Dès son apparition, la nouvelle doctrine a été l’objet d’un grand nombre de travaux. MM. Kauffmann[1], Fockema-Andreae[2], von Below[3], Bernheim[4], Kuntze[5] l’ont soumise à la critique. Aucun d’eux ne l’a acceptée sans de grandes réserves ; la plupart même l’ont rejetée formellement.

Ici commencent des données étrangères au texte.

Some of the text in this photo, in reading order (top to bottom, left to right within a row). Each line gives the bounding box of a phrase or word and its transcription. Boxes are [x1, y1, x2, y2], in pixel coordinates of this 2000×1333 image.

Et tout d’abord, il ne semble pas possible d’identifier aussi complètement que le fait M. Sohm la ville et le marché. Si la ville, en effet, n’est autre chose qu’un marché permanent, le droit royal, le droit d’exception du Weichbild doit y régner sans interruption, d’un bout à l’autre de l’année, du 1er janvier au 31 décembre. Dès lors, pourquoi, jusqu’à la fin du moyen âge et plus tard encore, érige-t-on une croix dans la ville aux époques de foire ? Quelle peut être la signification de cette croix temporaire, puisque la ville possède une croix permanente qui fait d’elle un marché perpétuel ? Dès le premier pas, on se heurte donc à une difficulté fort sérieuse. Car, en effet, ou bien la croix érigée pendant la foire n’a pas de signification juridique, et que devient alors la théorie du Weichhild ? ou bien il faut admettre qu’à côté ou plutôt qu’au-dessus du droit urbain, il existe encore un droit de marché différent de lui[6] et que, partant, Marktrecht et Stadtrecht ne sont pas synonymes.

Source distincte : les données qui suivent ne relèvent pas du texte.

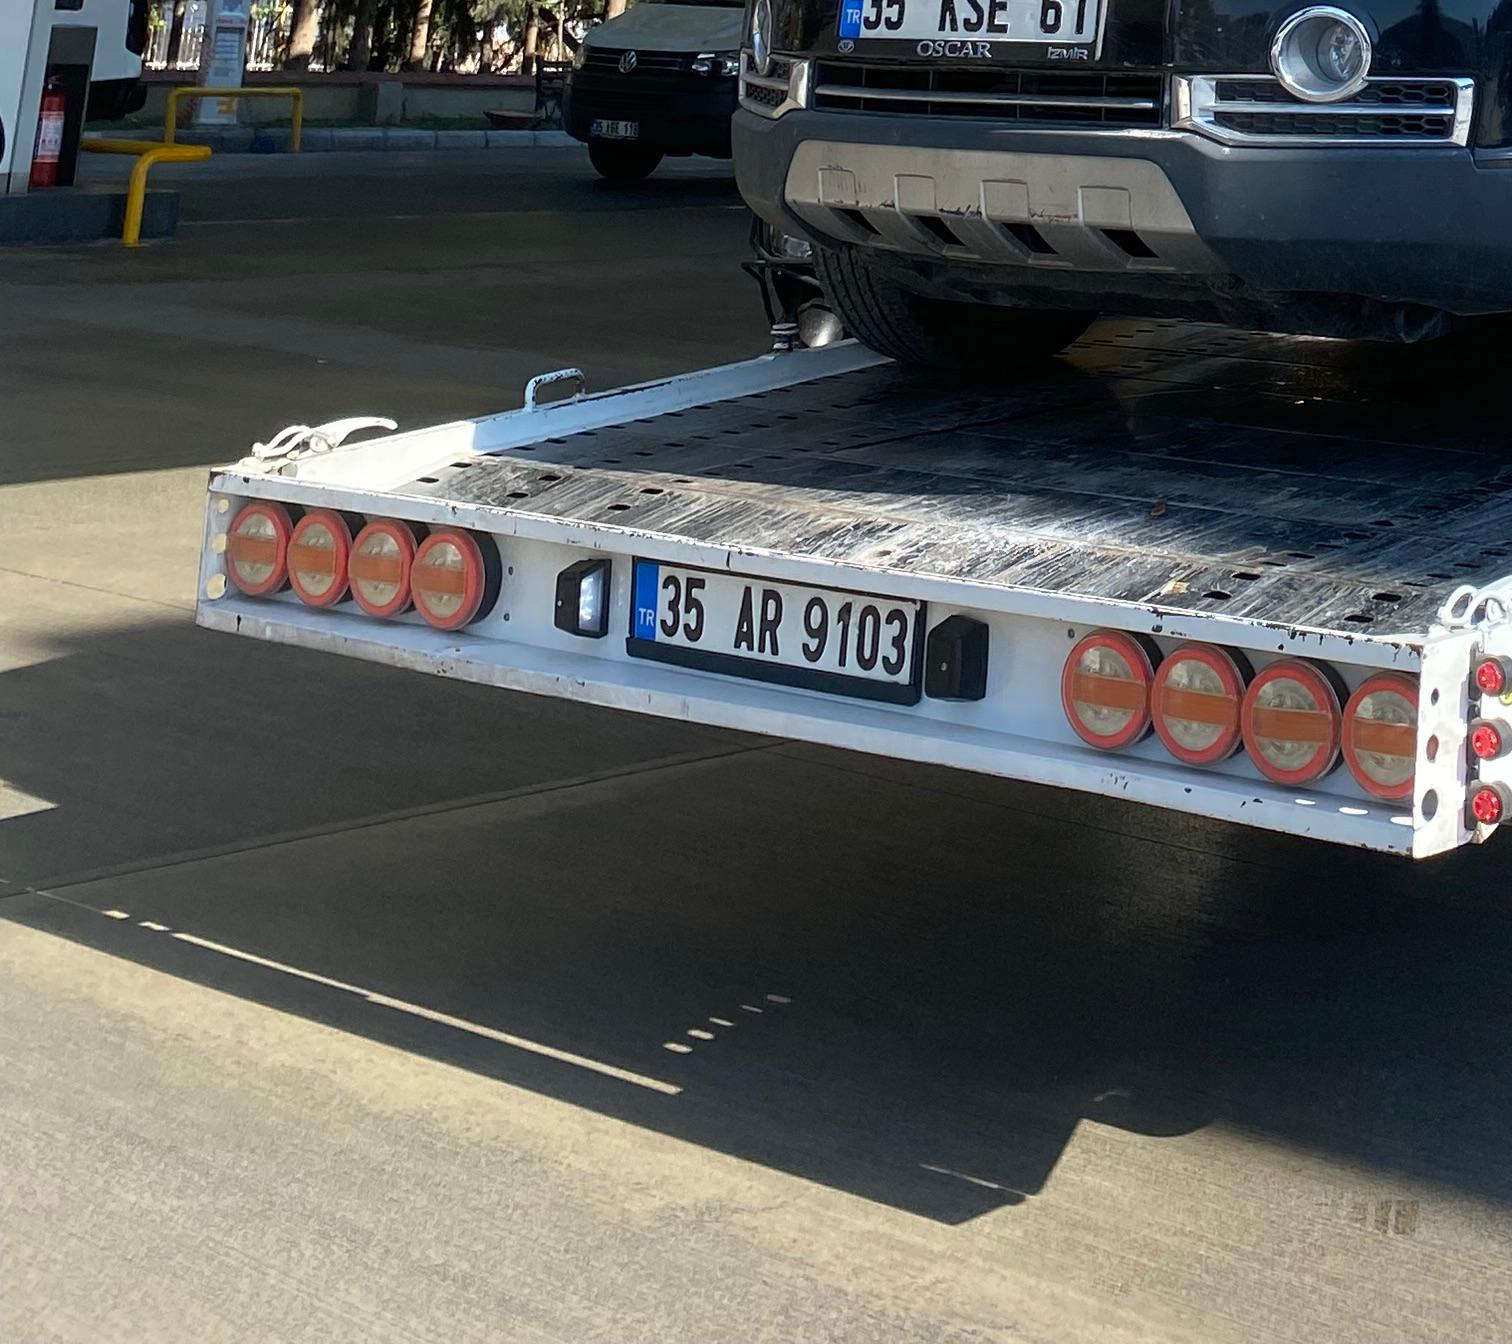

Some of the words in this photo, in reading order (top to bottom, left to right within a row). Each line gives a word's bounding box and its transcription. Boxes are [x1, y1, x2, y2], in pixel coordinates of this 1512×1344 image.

[846, 8, 861, 24] TR
[916, 39, 993, 58] OSCAR
[638, 608, 656, 627] TR
[659, 574, 706, 643] 35
[733, 585, 784, 657] AR
[801, 596, 909, 676] 9103

Si, manifestement, M. Sohm a trop complètement assimilé la ville

  1. Zur Entstehung des Städtewesens. Programme de Munster, 1891.
  2. Wezen en beteekenis der verleening van stadrechten in Nederland (Handelingen der maatschappij van Nederlandsche letterkunde). Leyde, 1891.
  3. Ouvr. cité, p. 72, n. 
  4. Die Entstehung des deutschen Städtewesens. Eine Kritik der Sohm’schen Theorie (Deutsche Zeitschrift für Geschichtswissenschaft). 1892.
  5. Ouvr. cité, p. 55, n. 1. — Voir aussi mon compte-rendu de l’ouvrage de M. Sohm dans la Revue critique du 30 mars 1891 ; les articles de Kruse dans Jahrbücher für Nationalœkonomie und Statistik, 1891 ; et, tout récemment, G. Blondel, Étude sur la politique de l’empereur Frédéric II en Allemagne, p. 415.
  6. C’est en effet ce qui existe. Pendant la foire, le droit pénal urbain est rendu plus sévère. En 1290, Jean d’Avesnes déclare que, pendant la foire qu’il octroie à la ville de Mons, les échevins devront appliquer « doubles amendes ensi com li lois de le ville donne en autre tens. » Devillers, Cartulaire des cens et rentes dus aux comtes de Hainaut, II, p. 265. Cf. la charte de Bodenwerder, dans Gengler, Deutsche Stadtrechte des Mittelalters, p. 29, Voir encore Habets, Limburgsche Wijsdommen, p. 265 (la Haye, 1891), et Tuetey, Le droit municipal en Franche-Comté, p. 243 (charte de Montbéliard).